You can go the RTOS route, but each card looks like a 50-core, 200-thread machine with 8 GB of GDDR5 memory and can comfortably run a Linux or *BSD stack.

In fact, I'd love to see developers using them as their personal machines (Intel would probably have to make ATX motherboards with it) so that more and more software makes use of the more and more available threads on our own machines. An entry-level laptop these days looks like 8 processors to the OS and this number will only go up.


While these are x86 cores, and clearly capable of running desktop software, it wouldn't be a good experience as the primary CPU. The circuit size almost certainly means that these are in-order CPUs, probably with minimal superscalar capability, and likely a shallow pipeline. So scalar code is going to run terribly on them. Desktop usage is dominated by scalar CPU overhead.


That's precisely why it would be interesting - developers would have to work around these limitations. Number of cores will continue to go up and, if the software allows it, they can be simples ones.

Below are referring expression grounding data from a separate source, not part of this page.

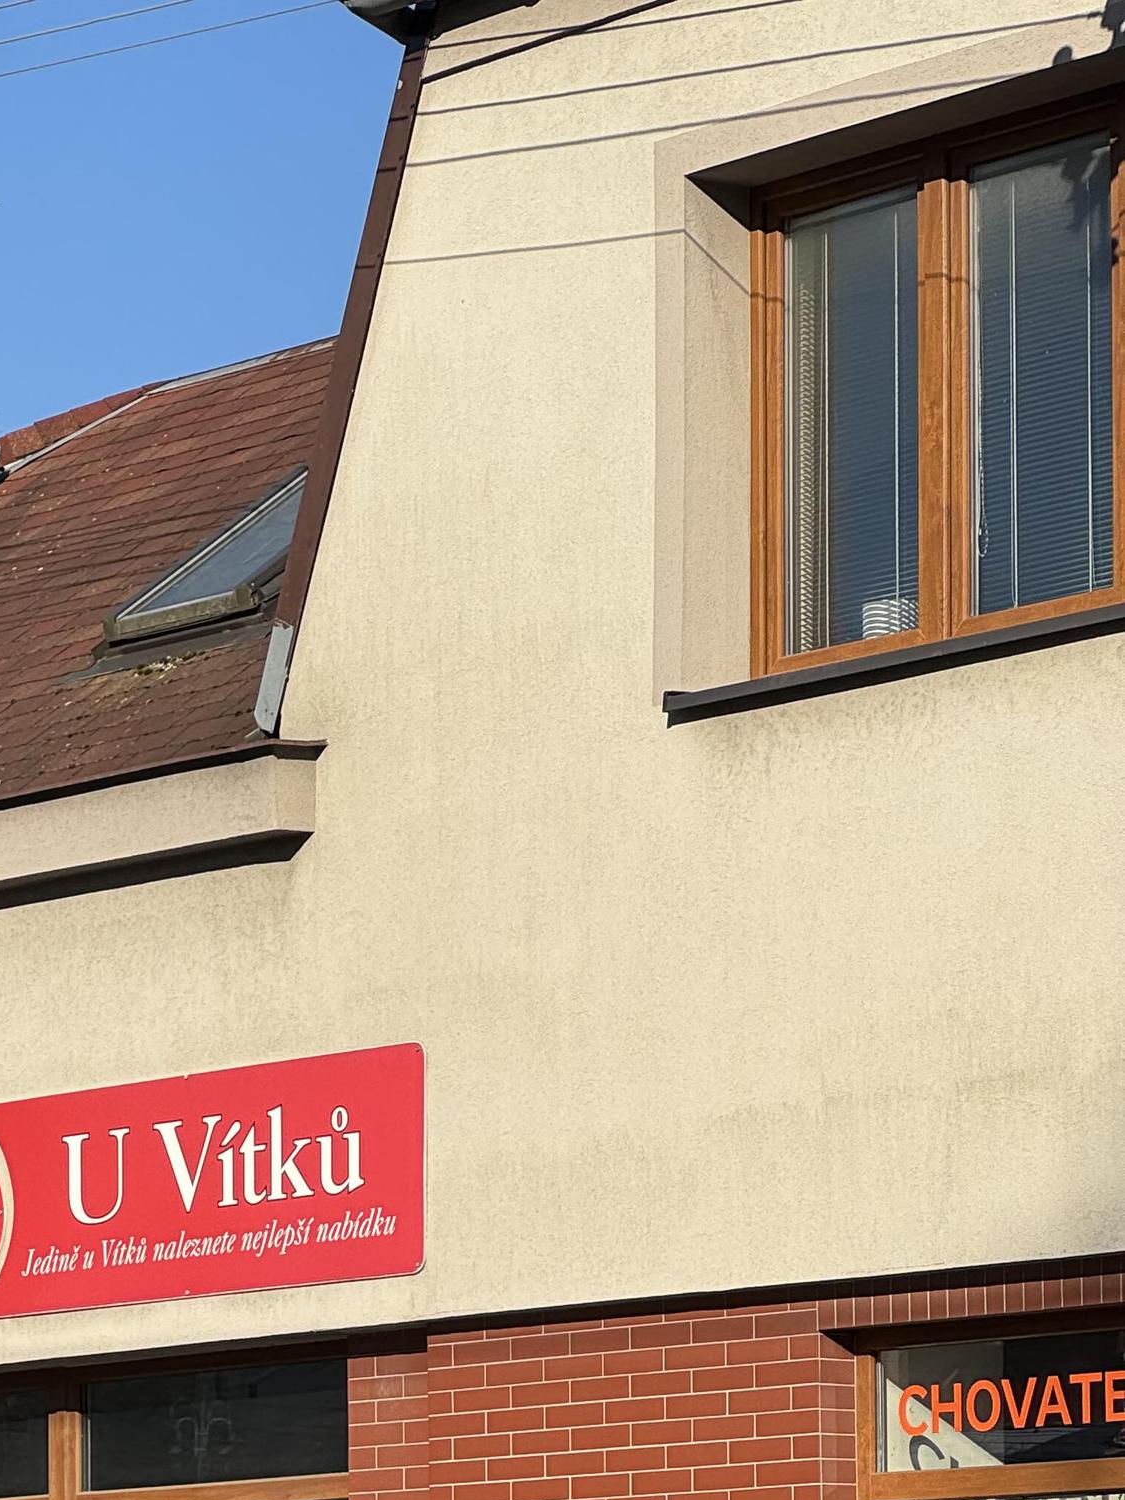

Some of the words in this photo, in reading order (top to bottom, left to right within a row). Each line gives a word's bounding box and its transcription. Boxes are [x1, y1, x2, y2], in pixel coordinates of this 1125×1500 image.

[61, 1127, 130, 1226] U
[152, 1104, 365, 1214] Vítků
[21, 1244, 82, 1277] Jedině
[82, 1250, 95, 1270] u
[101, 1236, 148, 1268] Vítků
[152, 1229, 237, 1263] naleznete
[240, 1216, 315, 1258] nejlepší
[316, 1206, 397, 1244] nabídku
[898, 1370, 1125, 1437] CHOVATE
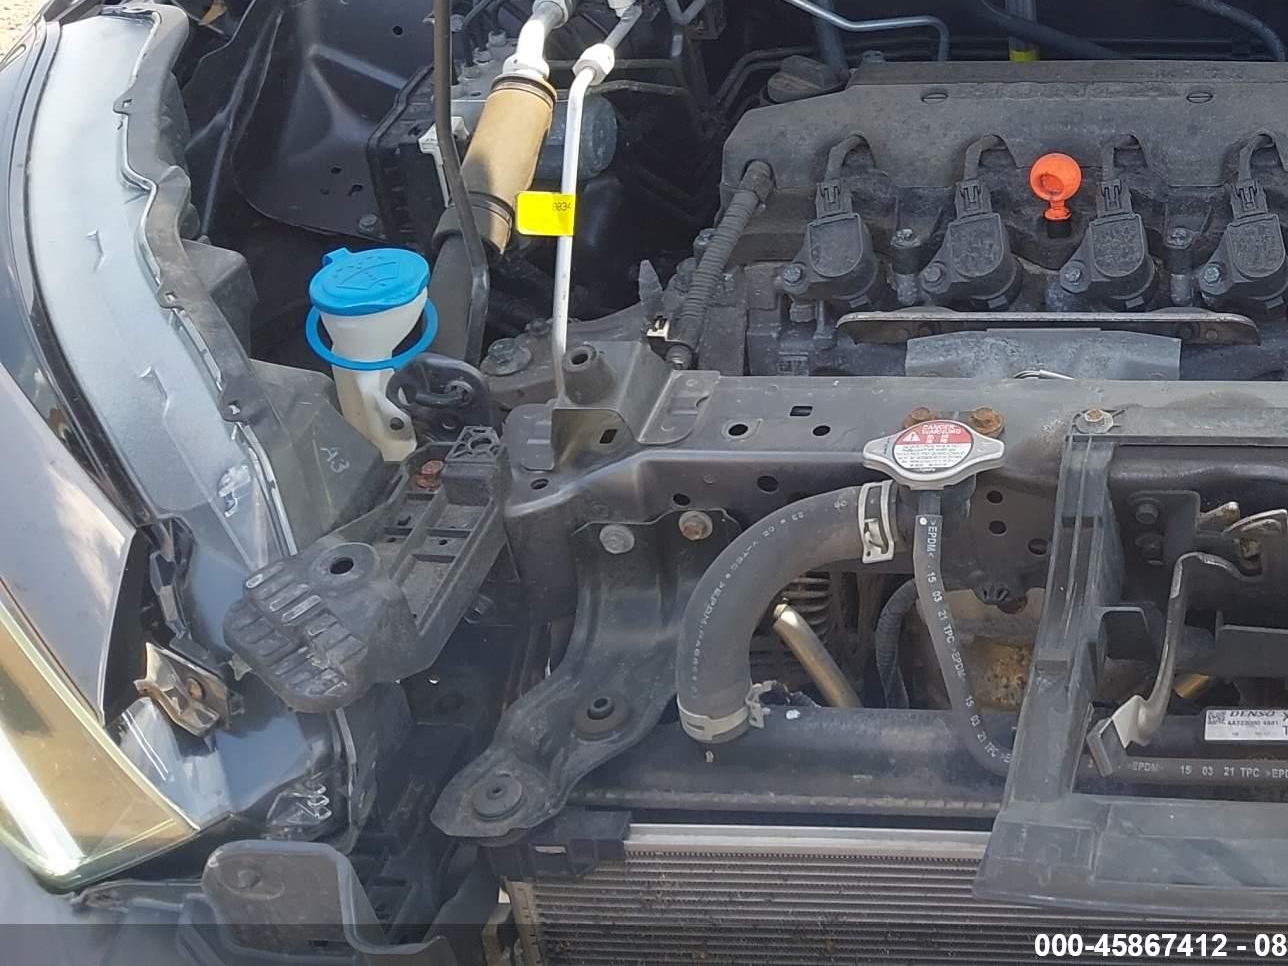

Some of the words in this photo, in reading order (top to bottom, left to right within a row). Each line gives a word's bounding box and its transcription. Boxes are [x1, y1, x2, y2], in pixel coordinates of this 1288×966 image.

[320, 446, 350, 474] A3
[926, 571, 937, 584] 15
[931, 590, 943, 603] 03
[937, 609, 949, 622] 21
[942, 623, 955, 644] TPC
[1180, 765, 1192, 776] 15
[1201, 765, 1214, 777] 03
[1223, 766, 1235, 777] 21
[1240, 767, 1260, 778] TPC
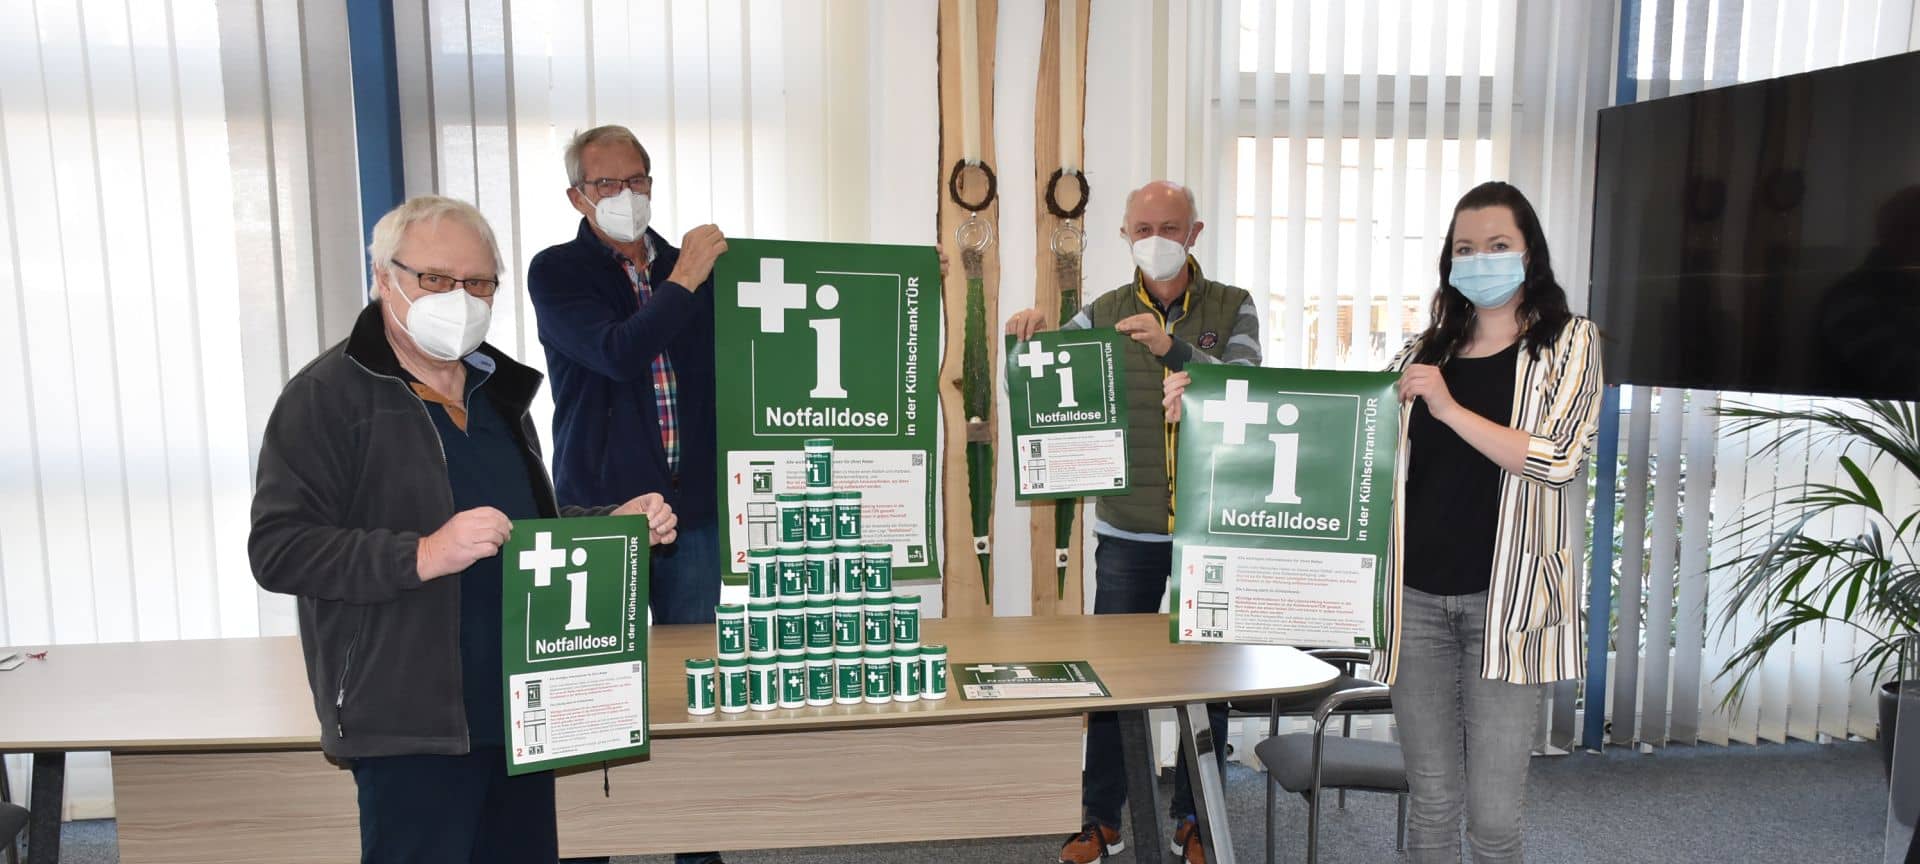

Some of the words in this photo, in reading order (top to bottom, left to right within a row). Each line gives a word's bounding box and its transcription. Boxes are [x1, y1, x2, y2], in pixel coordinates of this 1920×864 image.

With all due respect: yawn. People have been predicting the end of scalar code now for a decade, and it's no closer than it was. Show me a SIMD Javascript interpreter, or DOM layout engine, or SSL implementation, or compression algorithm, or heap allocator, or...

Won't happen. Out of order, heavily superscalar, deeply pipelined cores have won in the market because they're better for 90% of the problems you will see. But there are better architectures for the remaining 10% (and of those, "3D games", "Bitcoin mining" and "Password cracking" seem to make up about 90%), so you'll see lots of churn in this space as people try to figure out the best and most future-proof architeture.

For me, I like this a lot. The Knight's Corner architecture looks mostly identical to the AVX code you can run on Sandy/Ivy bridge right now, just with a few new features and a different SIMD width. From a programmer's perspective, it's much cleaner than the hidden-behind-multiply-abstracted-layers-above-proprietary-secret-hardware nonsense being peddled by AMD and NVIDIA.

But it won't run your desktop. Ever. Sorry.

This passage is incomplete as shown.